The expected output is the full set of entries, printed exactly, without pictures.
Input material Block Start
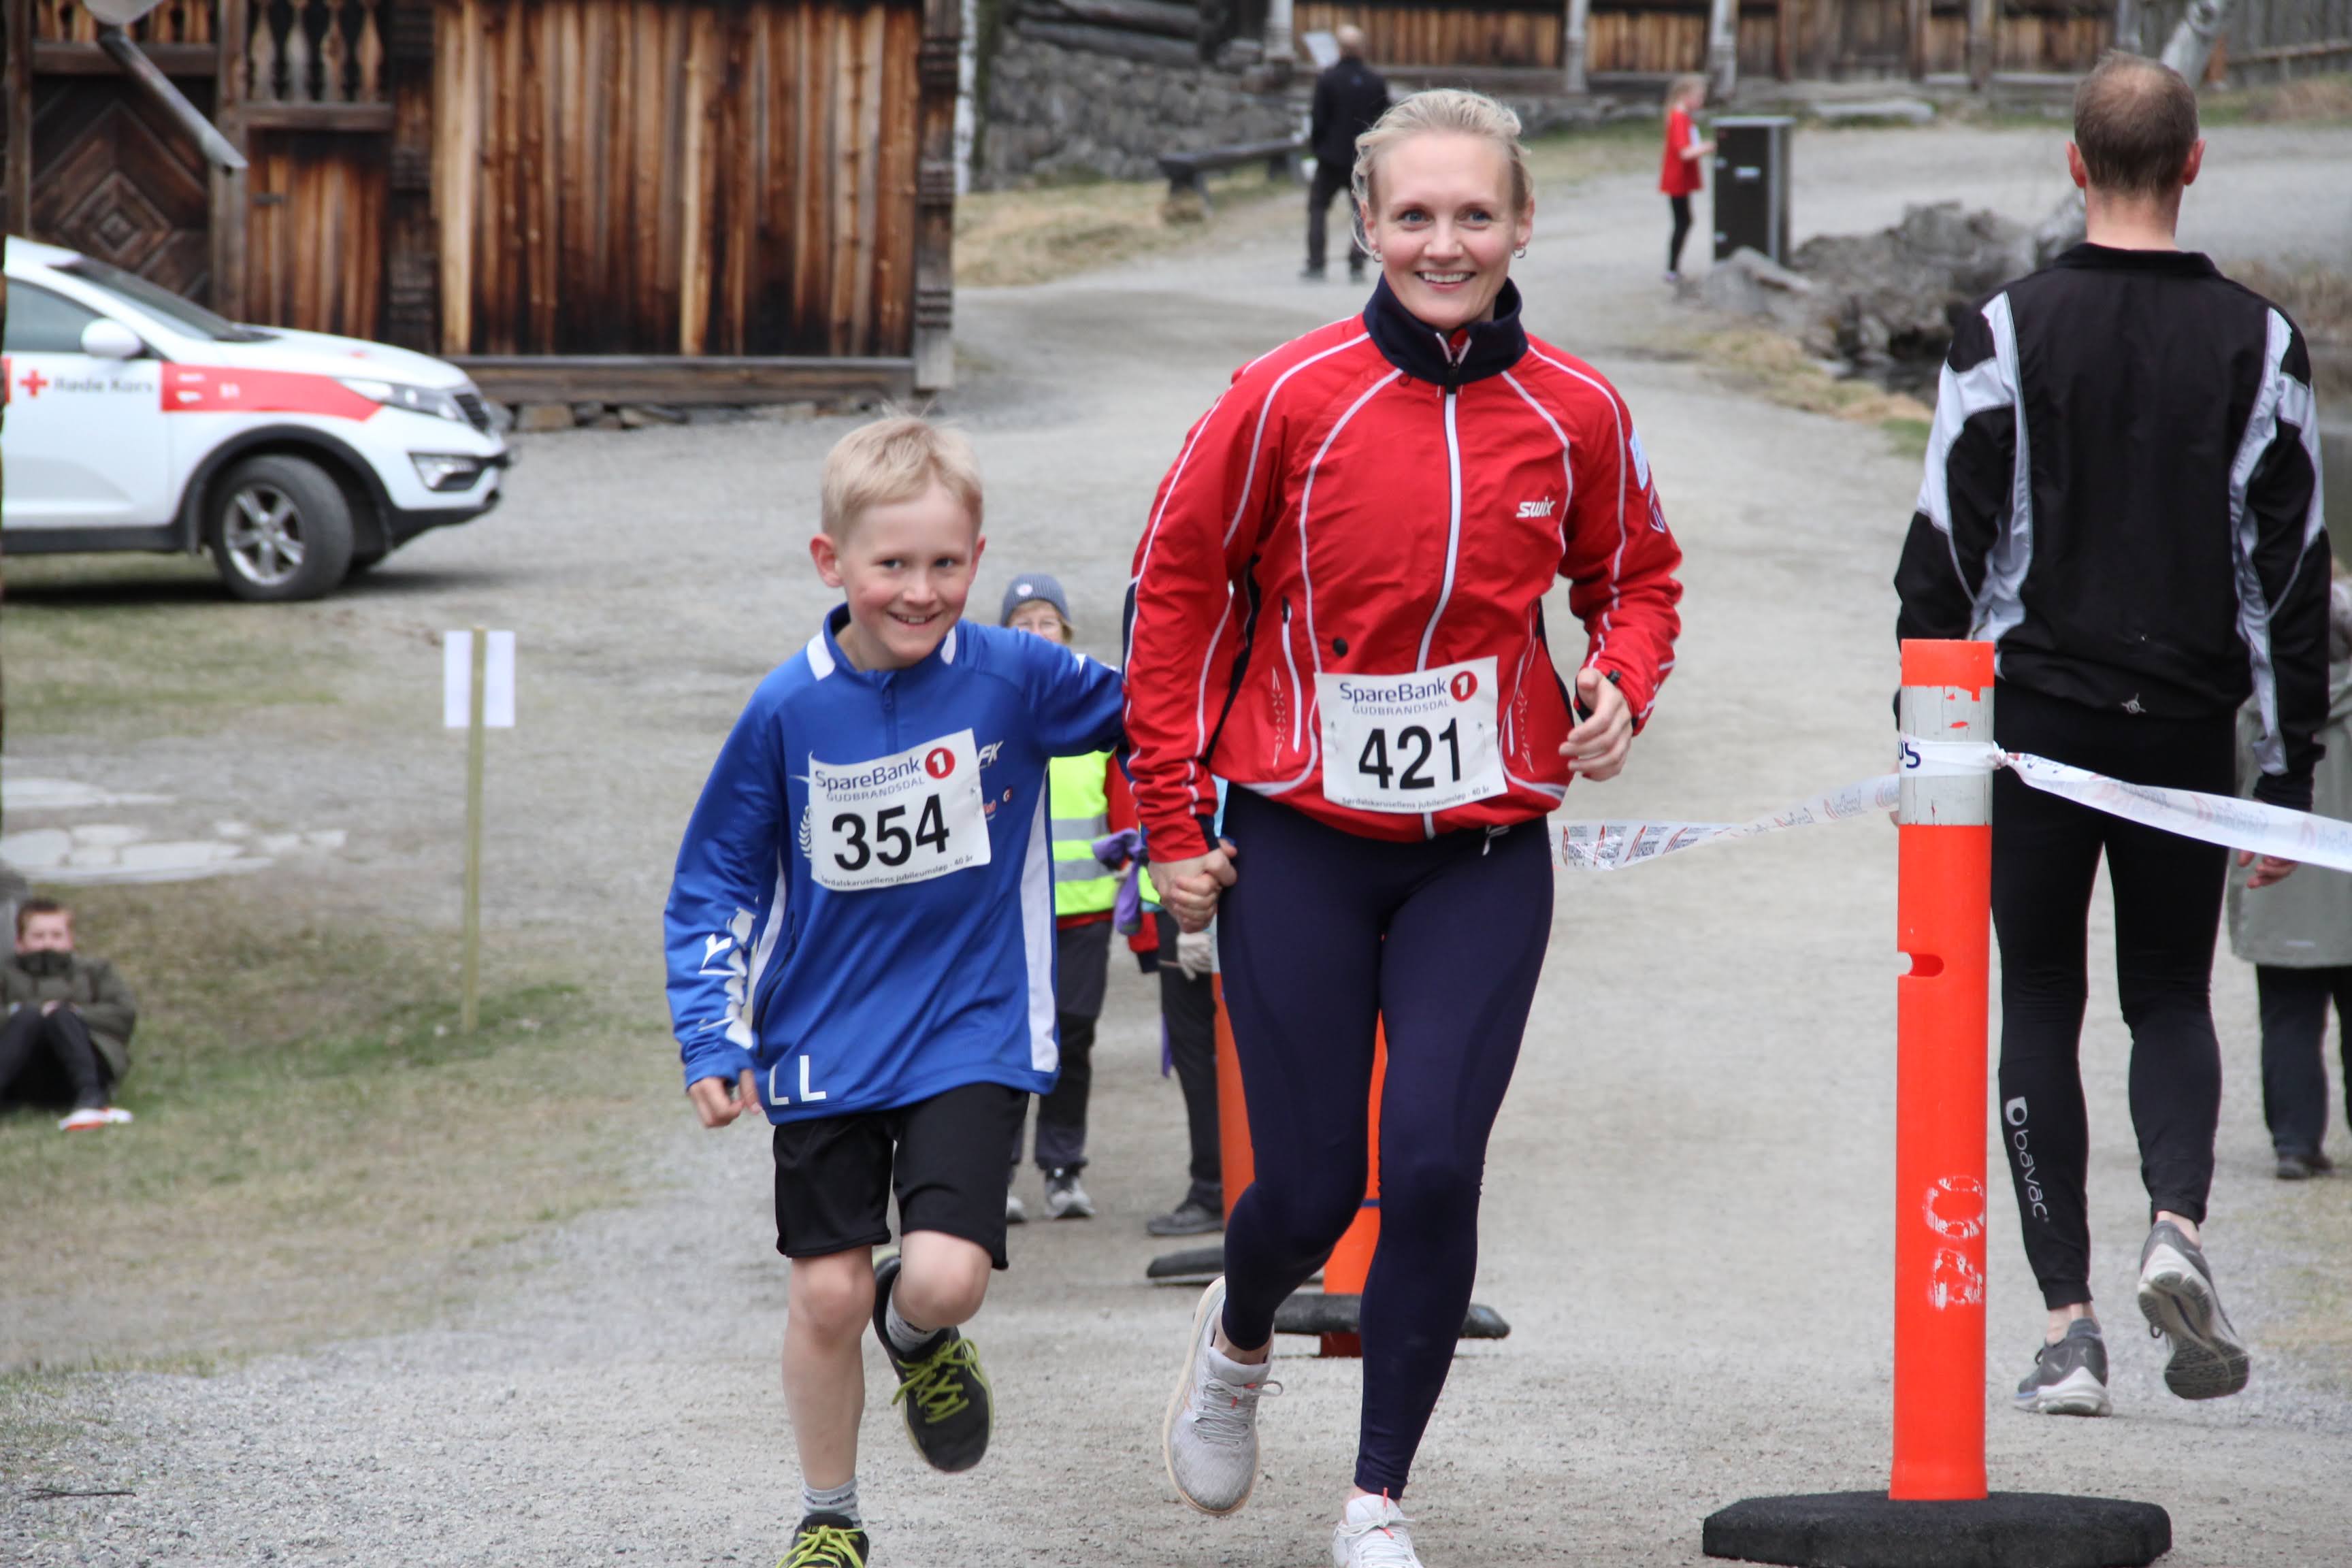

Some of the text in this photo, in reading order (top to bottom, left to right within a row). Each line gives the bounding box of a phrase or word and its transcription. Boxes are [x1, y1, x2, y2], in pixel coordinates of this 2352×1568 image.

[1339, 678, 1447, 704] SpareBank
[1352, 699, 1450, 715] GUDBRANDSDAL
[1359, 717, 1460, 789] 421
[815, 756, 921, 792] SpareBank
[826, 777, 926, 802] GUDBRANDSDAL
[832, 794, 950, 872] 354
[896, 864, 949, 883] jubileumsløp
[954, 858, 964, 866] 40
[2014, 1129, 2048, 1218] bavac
Input material Block End
Exercise solution:
Some of the text in this photo, in reading order (top to bottom, left to right within a row). Each line gives the bounding box of a phrase or word and its transcription. Boxes are [x1, y1, x2, y2], in pixel coordinates of this 2352×1568 image.

[1339, 678, 1447, 704] SpareBank
[1352, 699, 1450, 715] GUDBRANDSDAL
[1359, 717, 1460, 789] 421
[815, 756, 921, 792] SpareBank
[826, 777, 926, 802] GUDBRANDSDAL
[832, 794, 950, 872] 354
[896, 864, 949, 883] jubileumsløp
[954, 858, 964, 866] 40
[2014, 1129, 2048, 1218] bavac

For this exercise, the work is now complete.